I would expect a 696 forcing cone to last longer then you will shooting lead bullet reloads at standard pressure.

If it doesn't the gun has a lifetime warrenty on it.

As far as anything you can do?
Get a Lewis Lead Remover kit and keep the forcing cone clean of leading when you clean the gun.

http://www.brownells.com/.aspx/pid=21587/Product/LEWIS-LEAD-REMOVER

rc

DC Plumber
January 29, 2012, 05:28 PM
I have a 696 no dash and know exactly what you are talking about. Yes it is thin.

I wouldn't shoot anything more than standard pressure 44 special loads. I'm sure slower heavier lead loads are way better than faster lighter jacketed loads, but thats how my brain works.

It's a nice gun. Shoot it.

ZBill
January 31, 2012, 05:39 PM
I see a Lewis lead remover and lead reloads in my immediate future.

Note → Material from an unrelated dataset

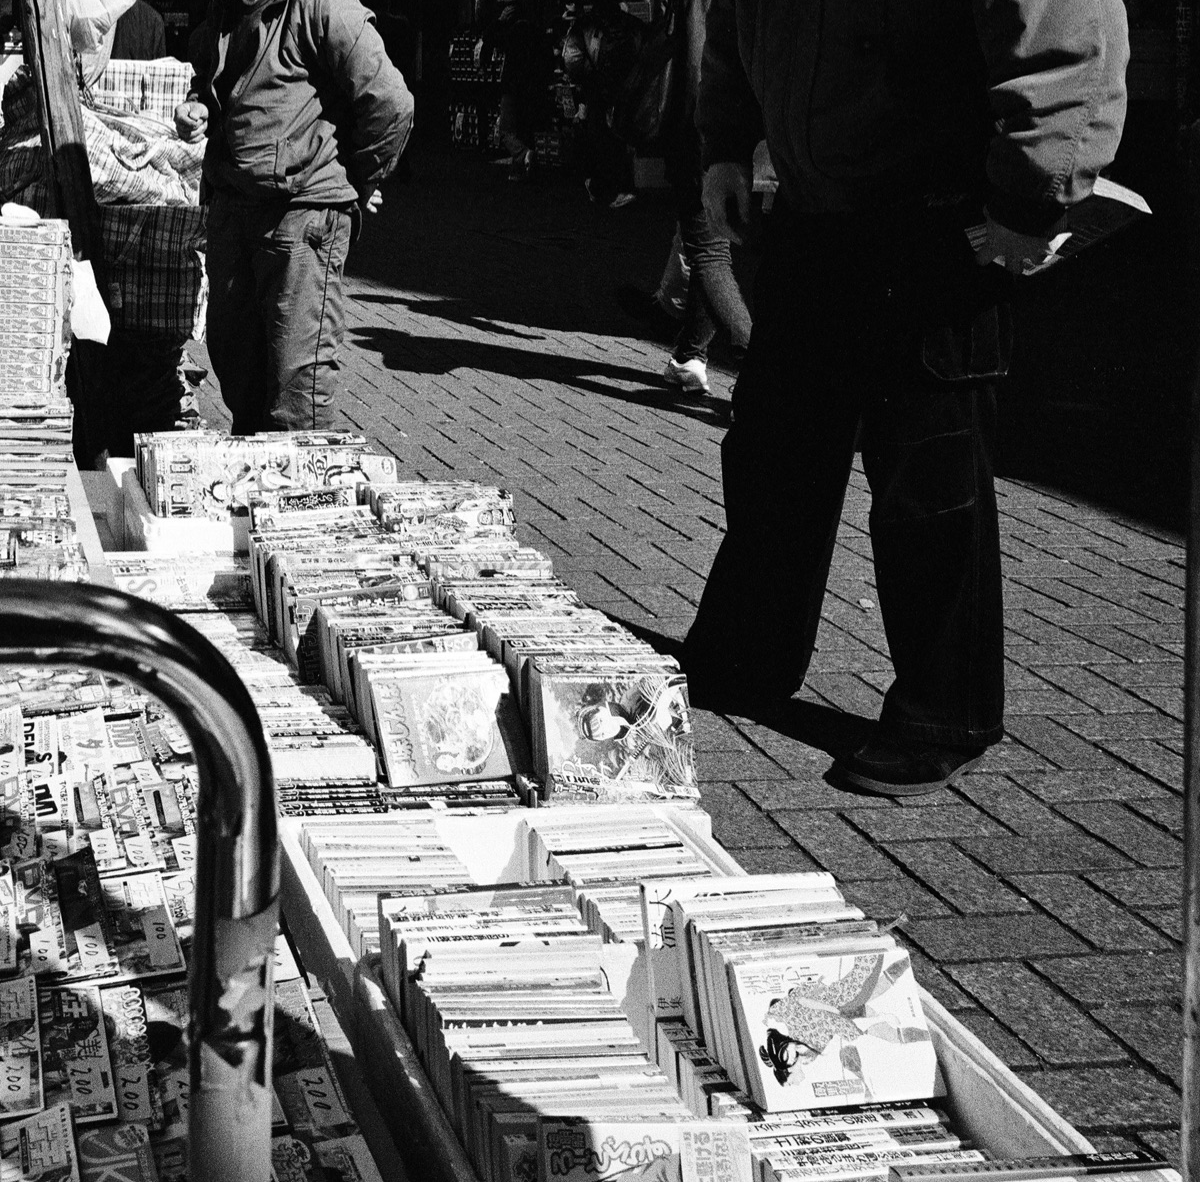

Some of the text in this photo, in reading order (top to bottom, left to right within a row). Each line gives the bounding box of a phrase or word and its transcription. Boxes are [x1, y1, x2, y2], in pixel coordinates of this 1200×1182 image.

Thank you both for your assistance. Bill

Drail
January 31, 2012, 10:26 PM
Over on the S&W forum there have been a number of threads about 696 forcing cones. Several have posted photos of cracked cones and one guy from Alaska managed to flare one out until it looked like a trumpet bell shooting some kind of ridiculous handload. The consensus is you can damage one pretty badly if you hit it with a steady diet of very light bullets at very high velocities. It's the same problem we saw with the K frame S&Ws when handloaders would hit them with a steady diet of 110/125 gr. high velocity loads. I have been shooting and handloading a 696 since 1996 and have had no problems but I prefer heavier slugs (200 to 215) at 850 to 900 fps. If I need more power than that I have .41 and .44 Mags that will give it me all I want. The bottom line is you can damage the cone with really stupid handloads and I would stay away from the Corbon and Buffalo Bore stuff also. Also be aware that S&W has not had any replacement barrels for the 696 for several years now and they have no plans to make any more. If you trash a 696 barrel they'll probably offer you a good price on a different gun but they're not going to rebarrel your 696 under warranty (several 696 owners on the S&W forum have been through this). If you're handloading for a 696 don't believe that it is perfectly suitable for super duper +P+ .44 Spl. loads because "it's an L frame" unless you don't plan on keeping it for long. They're one of S&W's best ideas IMO but they aren't built like a Ruger. The best factory load I have found for the 696 is the Speer/CCI 200 gr. Gold Dot. It runs about 875 fps from a 696 and is accurate and pleasant to shoot and should be more than enough power for anyone.
.

ZBill
February 7, 2012, 08:27 PM
I plan to reload so future generations can enjoy this revolver. I have 200 gr Gold Dot Blazer which I assume is the same/identical to the Speer/CCI load?